2024-02-21. The German publisher created a successful new brand for food and gastronomy content and transformed its approach to covering local music festivals. These and other audience-focused efforts have dramatically improved their performance metrics and paved the way for future digital revenue growth.

Hildesheimer Allgemeine Zeitung’s Table Stakes Europe team [L-R]: Thomas Radtke, Head of Product,Christin Himmel- mann,Publishing Manager Reader Market / Head of B2C,Jana Hintz, Head of Digital,and Christian Wolters, Deputy Editor-in-Chief.

by WAN-IFRA External Contributor info@wan-ifra.org | February 21, 2024

This article was originally published on the TSE Best Practice Showcase, WAN-IFRA’s resource centre that features case studies from Table Stakes Europe on how to accelerate the transition from print to digital, reach new audiences and better engage your local communities. All case studies included in the TSE Best Practice Showcase are available in English, French, German and Spanish.

The story of the Hildesheimer Allgemeine Zeitung shows how a long history can help an old publishing house on its digital journey and transform itself into a modern news operation that addresses the needs and interests of its readers.

The Hildesheimer Allgemeine Zeitung (HAZ) was founded in 1705, making it possibly the oldest newspaper in print in the world. Based in Hildesheim, it is the leading newspaper in the German state of Lower Saxony with a print circulation of 26,500 and 6,300 digital subscribers.

As part of its participation in the fourth round of Table Stake Europe (TSE), the publisher took important steps to increase engagement with its loyal readers and lay the foundation for digital subscription revenue growth.

Designed primarily for local and regional news organisations, Table Stakes is a programme to help drive digital revenue growth by re-focusing on audiences. Now in its fifth year in Europe, it is a collaboration of WAN-IFRA and Table Stakes architect Doug Smith in partnership with the Google News Initiative.

TSE insists on a Design-and-Do mentality where constant experiments help check hypotheses and speed up learning through experience. From the word go, the HAZ team launched new content, new formats and new products around cyclists, food lovers and young families.

TSE favours multidisciplinary teams that mix skills and perspectives to achieve better results. In Hildesheim, by June 2023, they had created a multi-skilled mini-publishing team around food. Their newsroom, data, marketing and product teams were all represented.

Crucially, TSE is about measurable performance. In January 2023, almost 50 percent of all their website readers were one-off fly-bys. By November 2023, these were down to 26 percent. At the start of TSE 2023, the HAZ’s very loyal users (more than eight visits a month) represented only 15 percent of their users. By the end of TSE, they were 40 percent.

How did they do it? Here is a quick summary of their inspiring journey.

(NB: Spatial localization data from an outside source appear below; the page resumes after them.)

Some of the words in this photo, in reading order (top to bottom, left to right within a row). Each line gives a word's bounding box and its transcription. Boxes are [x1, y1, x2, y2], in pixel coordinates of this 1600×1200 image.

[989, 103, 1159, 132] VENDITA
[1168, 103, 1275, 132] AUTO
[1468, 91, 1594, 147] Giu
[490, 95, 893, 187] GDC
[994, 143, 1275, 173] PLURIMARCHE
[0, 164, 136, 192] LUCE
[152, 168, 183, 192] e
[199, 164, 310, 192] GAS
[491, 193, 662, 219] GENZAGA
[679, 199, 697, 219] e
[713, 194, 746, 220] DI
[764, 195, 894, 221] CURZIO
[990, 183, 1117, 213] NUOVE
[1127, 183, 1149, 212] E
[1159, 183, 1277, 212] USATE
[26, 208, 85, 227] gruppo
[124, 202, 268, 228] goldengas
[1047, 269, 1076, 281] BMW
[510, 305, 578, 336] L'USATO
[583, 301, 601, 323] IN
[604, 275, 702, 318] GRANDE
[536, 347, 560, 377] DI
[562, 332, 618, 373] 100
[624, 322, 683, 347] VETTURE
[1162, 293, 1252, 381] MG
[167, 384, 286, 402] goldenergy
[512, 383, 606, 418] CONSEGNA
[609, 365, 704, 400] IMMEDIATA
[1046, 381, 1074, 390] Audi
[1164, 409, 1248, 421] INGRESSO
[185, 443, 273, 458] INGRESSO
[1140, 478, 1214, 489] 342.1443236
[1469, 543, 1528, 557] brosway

Rooted in history – Future focused

The Hildesheimer Allgemeine Zeitung is the leading daily newspaper in the area of Hildesheim where around 280,000 people live. The family-owned publisher employs more than 150 people, and its newsroom consists of 29 journalists and editors, four of whom were digitally focused at the start of Table Stakes Europe 2023.

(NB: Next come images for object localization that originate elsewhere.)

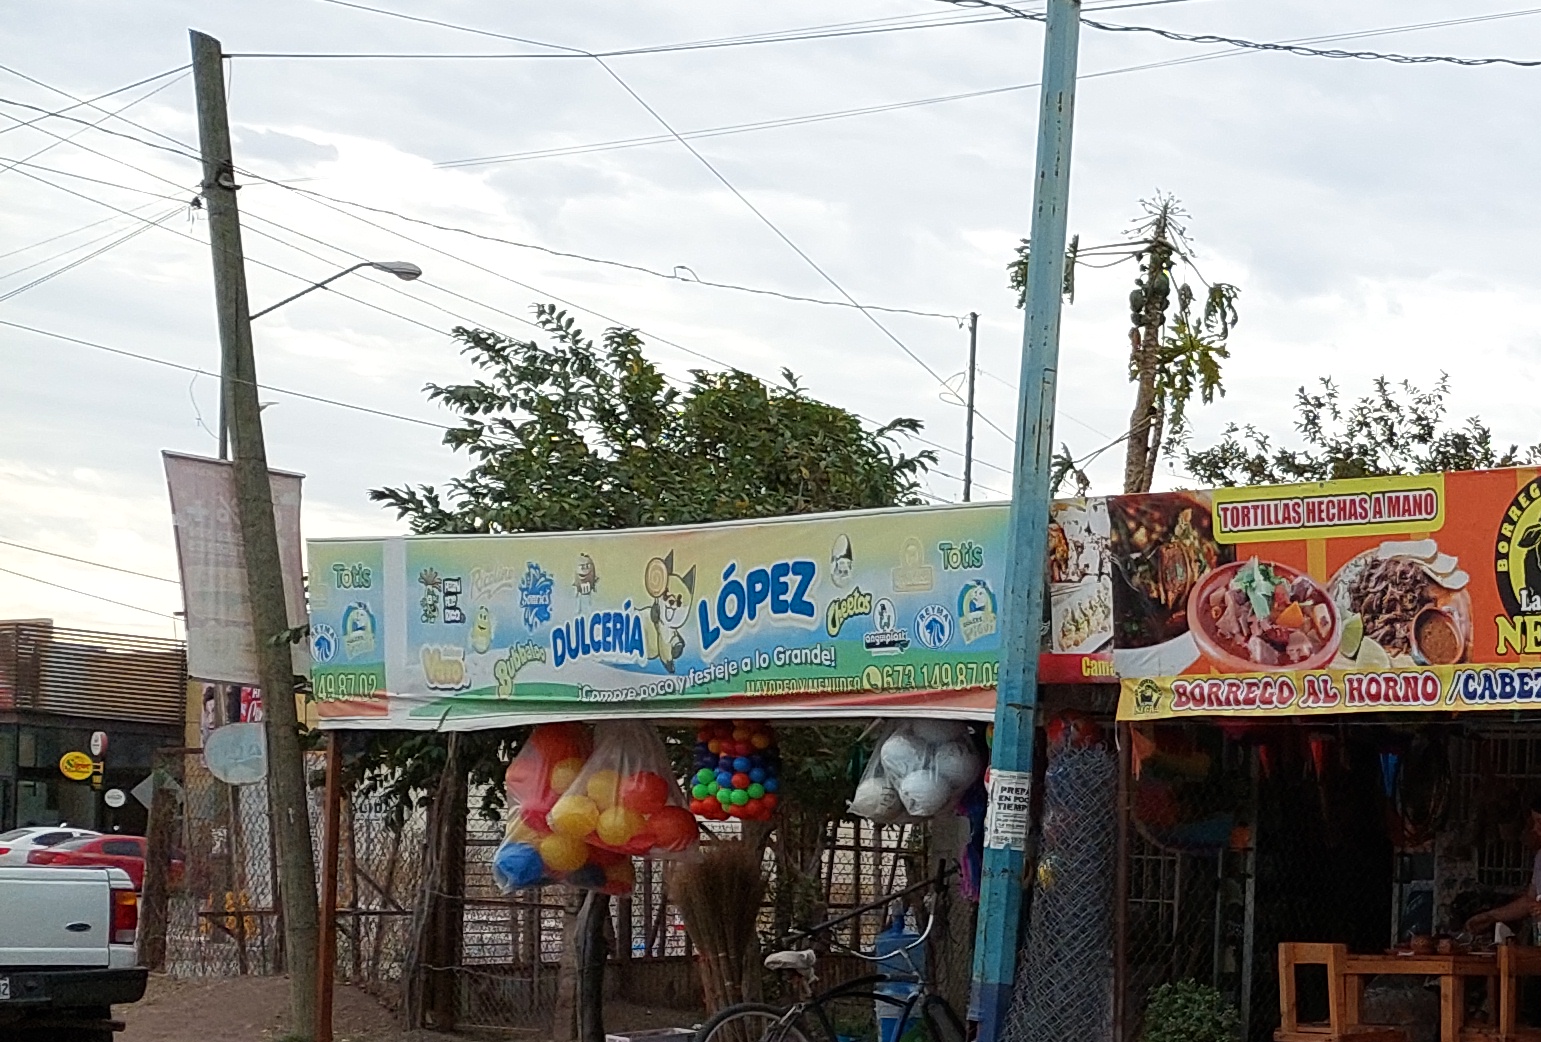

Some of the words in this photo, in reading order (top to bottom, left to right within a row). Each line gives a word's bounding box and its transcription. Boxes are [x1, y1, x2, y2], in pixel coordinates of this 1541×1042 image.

[1220, 501, 1301, 529] TORTILLAS
[1305, 497, 1368, 523] HECHAS
[1372, 495, 1385, 520] A
[1387, 490, 1436, 517] MANO
[333, 563, 372, 589] Totis
[939, 541, 983, 570] Totis
[698, 562, 816, 651] LÓPEZ
[552, 600, 645, 667] DULCERÍA
[640, 679, 674, 701] poco
[688, 658, 738, 687] festeje
[741, 657, 751, 672] a
[755, 649, 770, 669] lo
[773, 643, 836, 667] Grande!
[1171, 671, 1295, 711] BORREGO
[1299, 671, 1338, 706] AL
[1344, 669, 1441, 706] HORNO
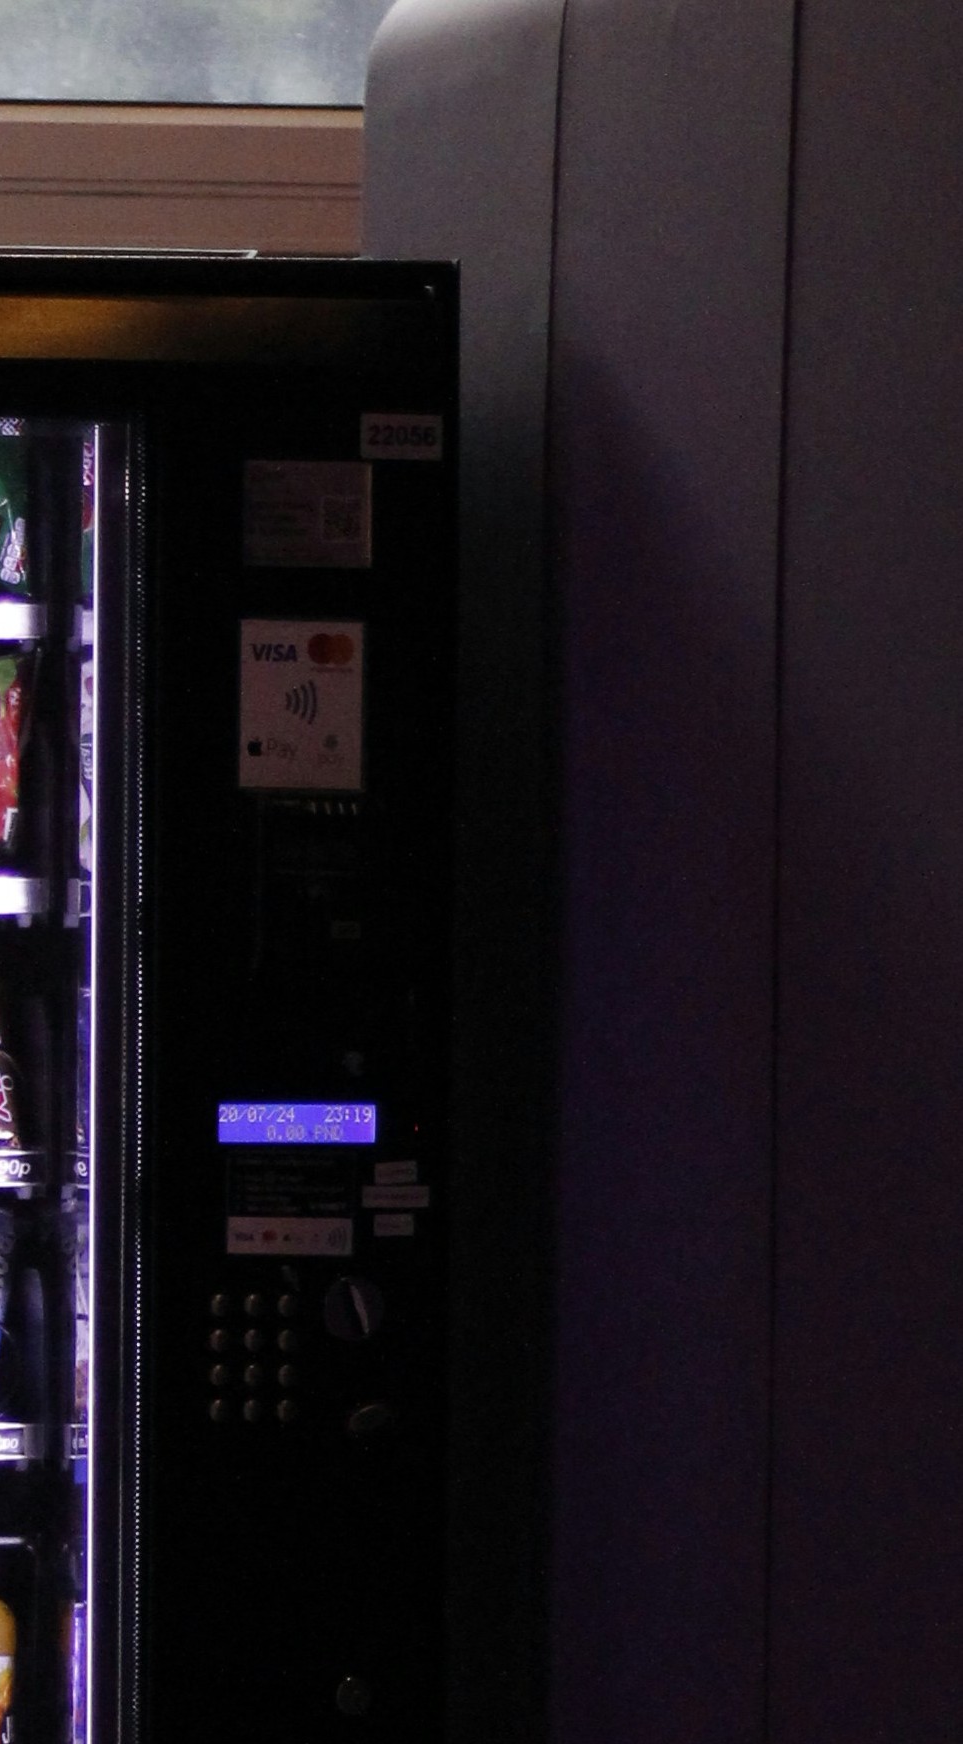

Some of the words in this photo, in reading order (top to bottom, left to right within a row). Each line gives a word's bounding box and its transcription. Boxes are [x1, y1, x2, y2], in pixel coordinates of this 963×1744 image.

[366, 425, 436, 446] 22056
[252, 643, 299, 662] VISA
[218, 1106, 296, 1123] 20/07/24
[324, 1106, 373, 1123] 23:19
[266, 1124, 305, 1141] 0.00

The company has a truly historic past: founded in 1705, Hildesheimer Allgemeine Zeitung is now thought to be the oldest newspaper in the world with a print edition. The HAZ has been on its digital transformation journey for a while though.

While its daily print circulation is around 26,500, it also has 29,000 unique users on its digital content, 80 percent of them coming via mobile. It has 42,000 Facebook fans and more than 23,000 Instagram followers. Its top newsletter is the daily Chief Editor’s pick with 13,400 subscribers.

This looks healthy enough. However the digital growth has not made up for the print circulation decline yet. Far from it. Their original ambition in Table Stakes Europe was to build digital revenues by focusing on specific audiences.

Break taboos and focus on urgent gaps

By their own account, HAZ had to start breaking some taboos when it came to digital transformation. Some key issues were either not identified or not discussed.

Their first TSE steps were around naming some of these, by looking at their internal strengths and weaknesses. For example, could they scale down the volume of the printed paper? Could they base editorial decisions on data rather than gut feelings alone? Nothing can replace genuine journalistic instinct, but is it enough? Is there one single audience in and around Hildesheim, or could they identify a variety of audienceS with complex and complementary user needs?

HAZ then identified and focused on a limited number of critical gaps, the most obvious weaknesses in their operations. Then they agreed on some key strategies, formulated with clear “From/To statements,” including:

  • FROM filling the printed edition TO fulfilling the needs of their audienceS
  • FROM working in a familiar environment (organisational structures) TO working in challenging cross-departmental projects
  • FROM simply collecting data TO carrying out data analysis and applying the results to improving the daily journalistic output

At this point, genuine experiments started.

What are we doing on Monday? Or, experimenting as an acquired taste

Food and Gastronomy are often picked by TSE participants as low hanging fruit for digital growth. It often pays off.

HAZ not only focused on the needs of local food lovers. They also created brand new Instagram videos, which were shot and edited on smartphones by their journalists. A “low-tech” (but smarter) iteration of their previous attempts at video production. They created a monthly topical newsletter with exclusive content. That might be about strawberries, BBQs or cocktail making depending on the season … and on what was available on local market stalls!

They not only created new content on new platforms via new products, but they also built a new brand: “HAZ-geschmeckt,” a German pun based on the newspaper’s name, became a multidisciplinary project, run by a small mini-publishing, cross-departmental team.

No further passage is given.